Make an exact copy of all the entries, with the pictures left out.

# DATA UNDER STUDY:
....................

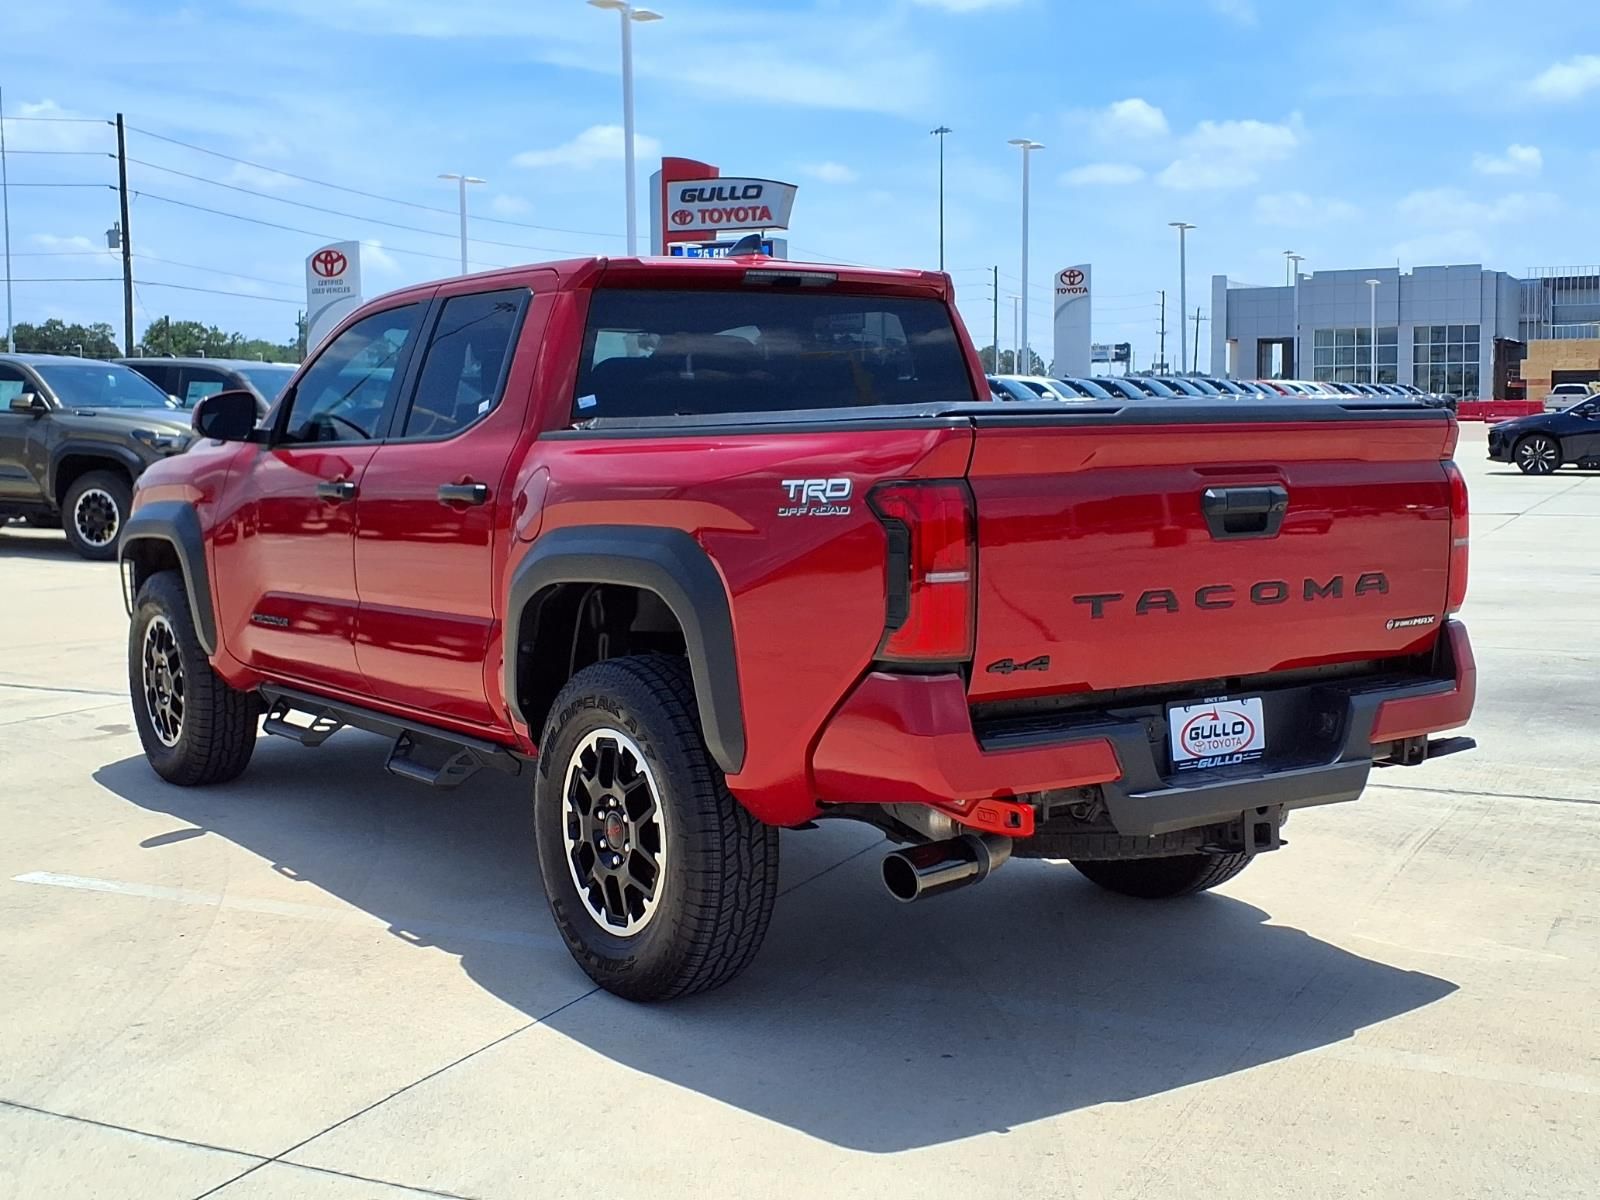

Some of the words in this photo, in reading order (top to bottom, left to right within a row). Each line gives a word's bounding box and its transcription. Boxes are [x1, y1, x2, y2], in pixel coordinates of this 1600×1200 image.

[680, 184, 763, 203] GULLO
[698, 206, 772, 224] TOYOTA
[326, 286, 351, 294] VEHICLES
[781, 478, 852, 504] TRD
[777, 507, 808, 516] OFF
[809, 506, 851, 516] ROAD
[1072, 572, 1391, 619] TACOMA
[1189, 721, 1245, 741] GULLO
[1207, 737, 1242, 750] TOYOTA
[1197, 754, 1243, 769] GULLO
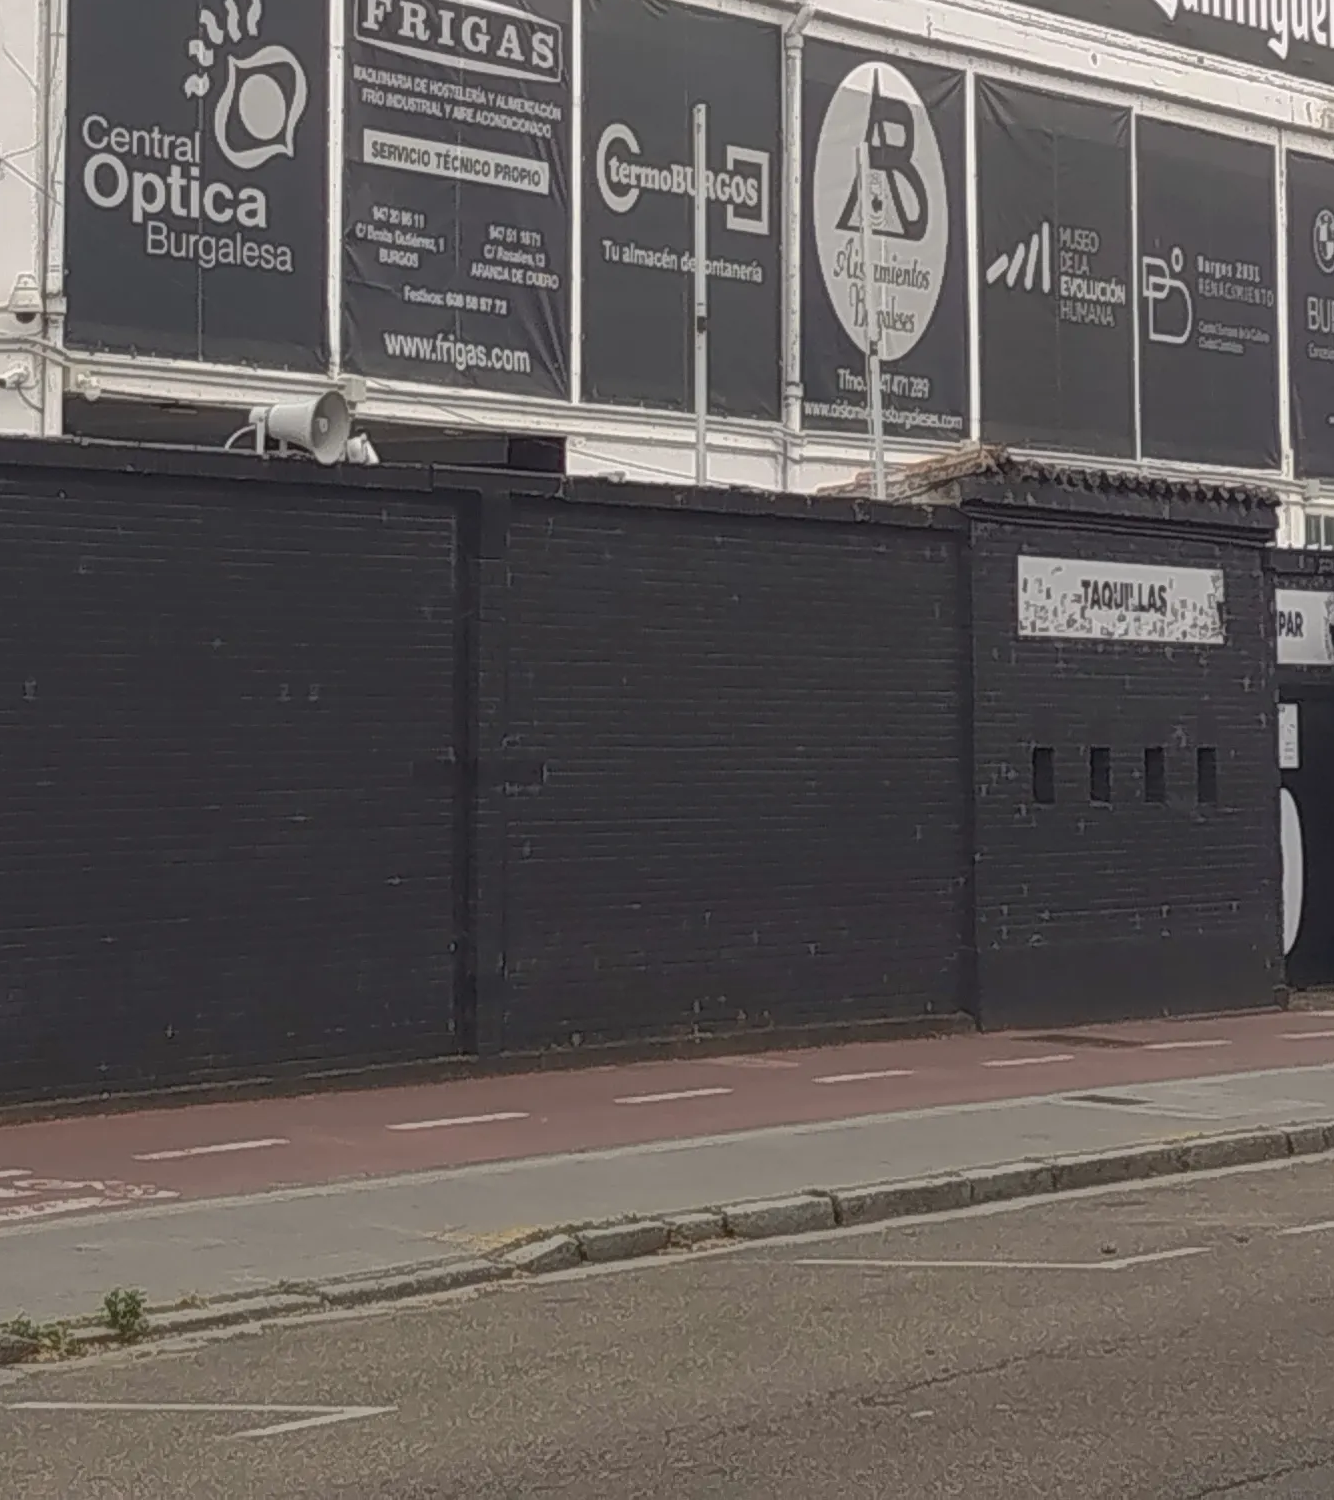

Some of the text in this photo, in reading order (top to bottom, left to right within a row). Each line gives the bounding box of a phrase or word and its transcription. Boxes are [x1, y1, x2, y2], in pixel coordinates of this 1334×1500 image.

[82, 114, 201, 164] Central
[371, 140, 541, 187] SERVICIO TÉCNICO PROPIO
[83, 153, 268, 229] Optica
[146, 220, 294, 273] Burgalesa
[602, 240, 619, 261] Tu
[622, 243, 678, 271] almacén
[703, 258, 762, 283] ontanería
[383, 332, 531, 372] www.frigas.com
[1080, 579, 1168, 613] TAQUILLAS
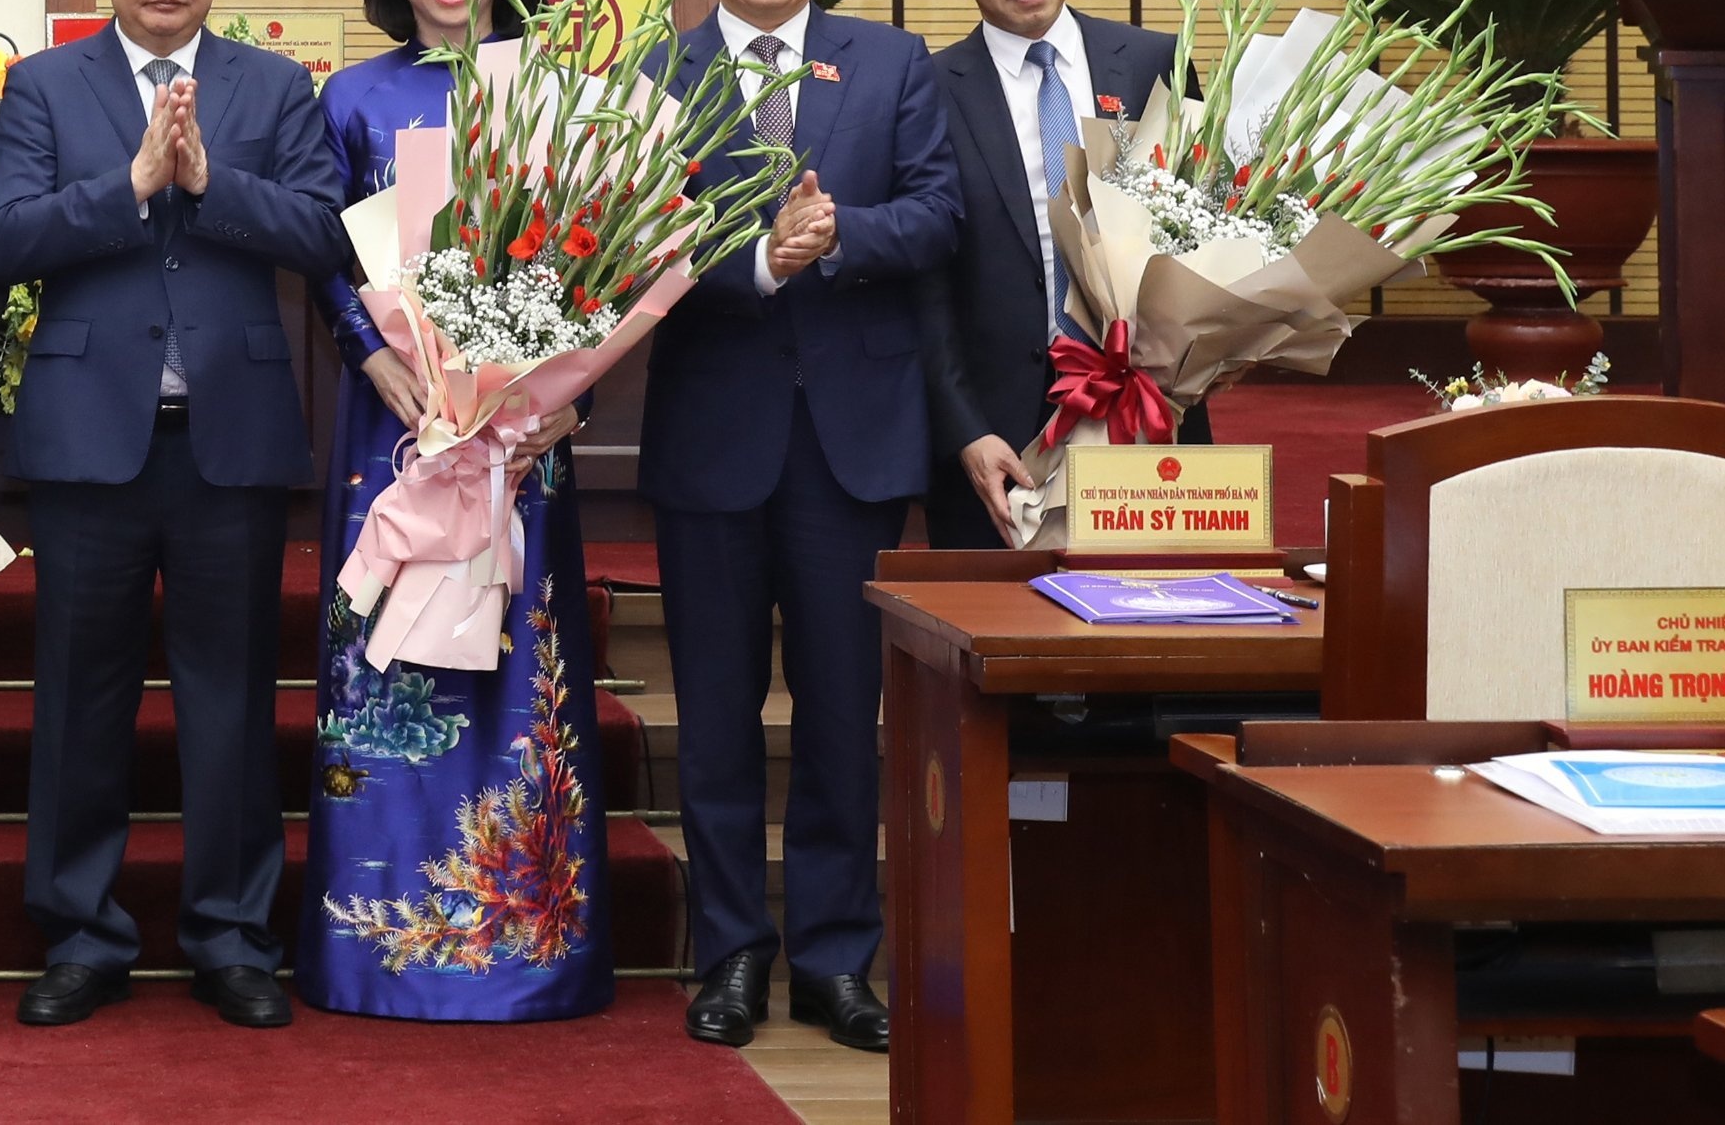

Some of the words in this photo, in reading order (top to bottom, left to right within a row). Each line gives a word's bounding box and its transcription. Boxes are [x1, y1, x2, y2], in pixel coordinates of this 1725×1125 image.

[1080, 485, 1097, 500] CHỦ
[1098, 488, 1117, 502] TỊCH
[1118, 485, 1130, 500] ỦY
[1130, 488, 1146, 500] BAN
[1146, 486, 1169, 500] NHÂN
[1170, 486, 1186, 500] DÂN
[1186, 485, 1213, 500] THÀNH
[1214, 484, 1231, 500] PHỐ
[1231, 486, 1243, 500] HÀ
[1244, 487, 1259, 502] NỘI
[1090, 502, 1144, 531] TRẦN
[1150, 506, 1177, 531] SỸ
[1182, 509, 1250, 531] THANH
[1657, 613, 1691, 630] CHỦ
[1591, 636, 1613, 653] ỦY
[1617, 640, 1650, 653] BAN
[1654, 634, 1693, 653] KIỂM
[1588, 668, 1664, 699] HOÀNG
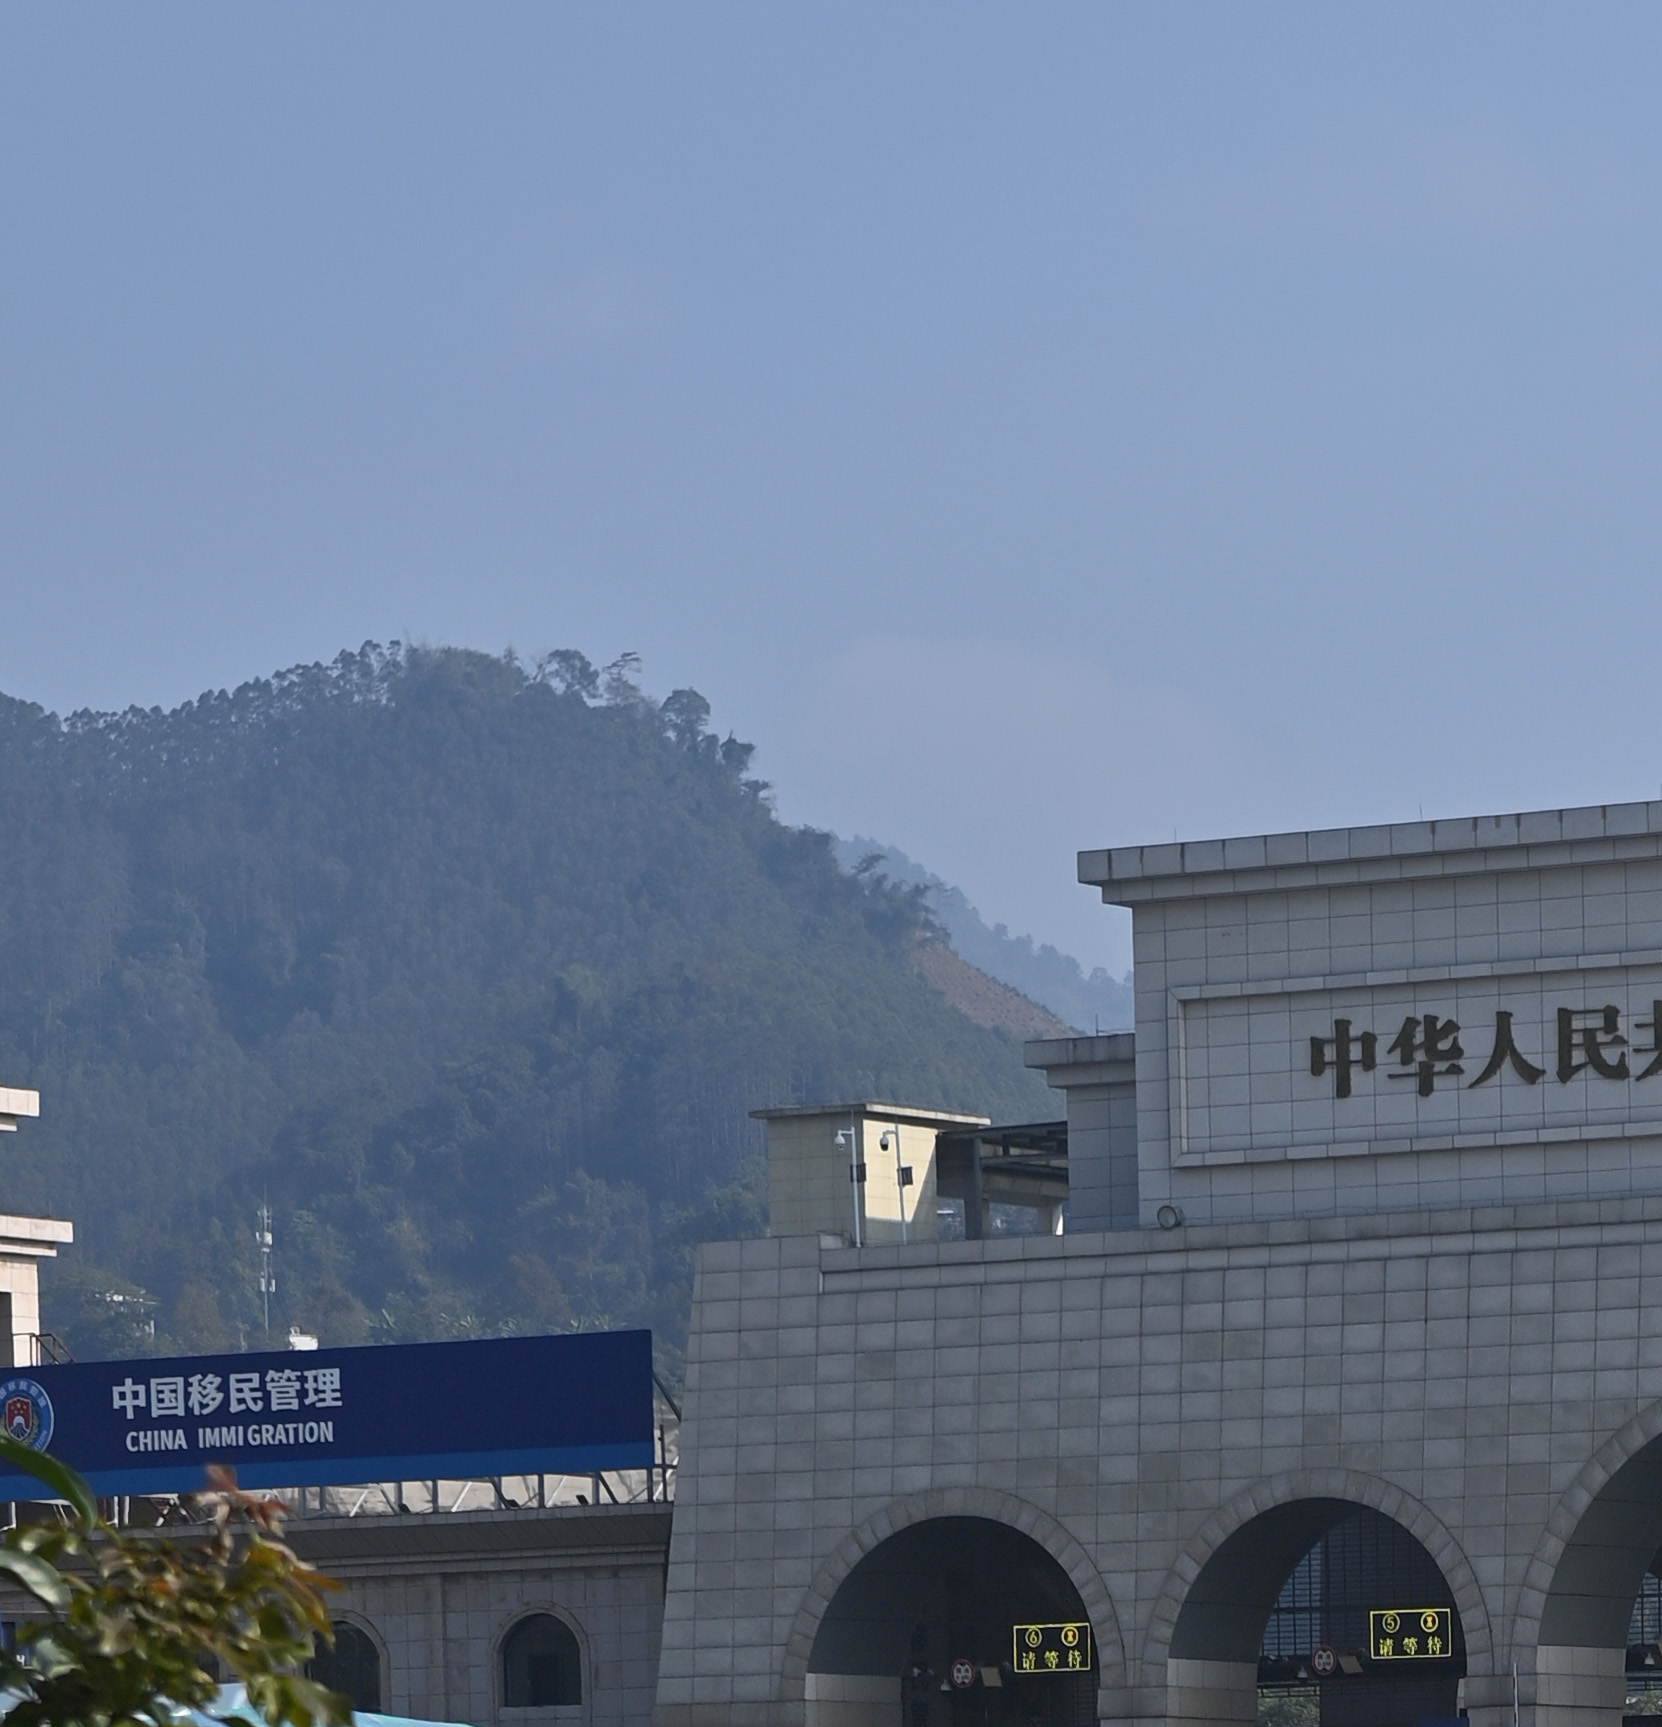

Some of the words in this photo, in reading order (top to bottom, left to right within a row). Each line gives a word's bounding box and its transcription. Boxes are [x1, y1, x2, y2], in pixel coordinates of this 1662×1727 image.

....................

# REPLY TO THE TASK:
Some of the words in this photo, in reading order (top to bottom, left to right within a row). Each line gives a word's bounding box and its transcription. Boxes are [x1, y1, x2, y2], in pixel coordinates of this 1600×1200 image.

[680, 184, 763, 203] GULLO
[698, 206, 772, 224] TOYOTA
[326, 286, 351, 294] VEHICLES
[781, 478, 852, 504] TRD
[777, 507, 808, 516] OFF
[809, 506, 851, 516] ROAD
[1072, 572, 1391, 619] TACOMA
[1189, 721, 1245, 741] GULLO
[1207, 737, 1242, 750] TOYOTA
[1197, 754, 1243, 769] GULLO

Some of the text in this photo, in reading order (top to bottom, left to right within a row). Each line gives the bounding box of a phrase or word and its transcription. Boxes are [x1, y1, x2, y2], in pixel coordinates of this 1334×1500 image.

[82, 114, 201, 164] Central
[371, 140, 541, 187] SERVICIO TÉCNICO PROPIO
[83, 153, 268, 229] Optica
[146, 220, 294, 273] Burgalesa
[602, 240, 619, 261] Tu
[622, 243, 678, 271] almacén
[703, 258, 762, 283] ontanería
[383, 332, 531, 372] www.frigas.com
[1080, 579, 1168, 613] TAQUILLAS

Some of the words in this photo, in reading order (top to bottom, left to right within a row). Each line gives a word's bounding box and its transcription. Boxes are [x1, y1, x2, y2], in pixel coordinates of this 1725×1125 image.

[1080, 485, 1097, 500] CHỦ
[1098, 488, 1117, 502] TỊCH
[1118, 485, 1130, 500] ỦY
[1130, 488, 1146, 500] BAN
[1146, 486, 1169, 500] NHÂN
[1170, 486, 1186, 500] DÂN
[1186, 485, 1213, 500] THÀNH
[1214, 484, 1231, 500] PHỐ
[1231, 486, 1243, 500] HÀ
[1244, 487, 1259, 502] NỘI
[1090, 502, 1144, 531] TRẦN
[1150, 506, 1177, 531] SỸ
[1182, 509, 1250, 531] THANH
[1657, 613, 1691, 630] CHỦ
[1591, 636, 1613, 653] ỦY
[1617, 640, 1650, 653] BAN
[1654, 634, 1693, 653] KIỂM
[1588, 668, 1664, 699] HOÀNG

Some of the words in this photo, in reading order (top to bottom, left to right within a row). Each line gives a word's bounding box and its transcription. Boxes are [x1, y1, x2, y2], in pixel coordinates of this 1662×1727 image.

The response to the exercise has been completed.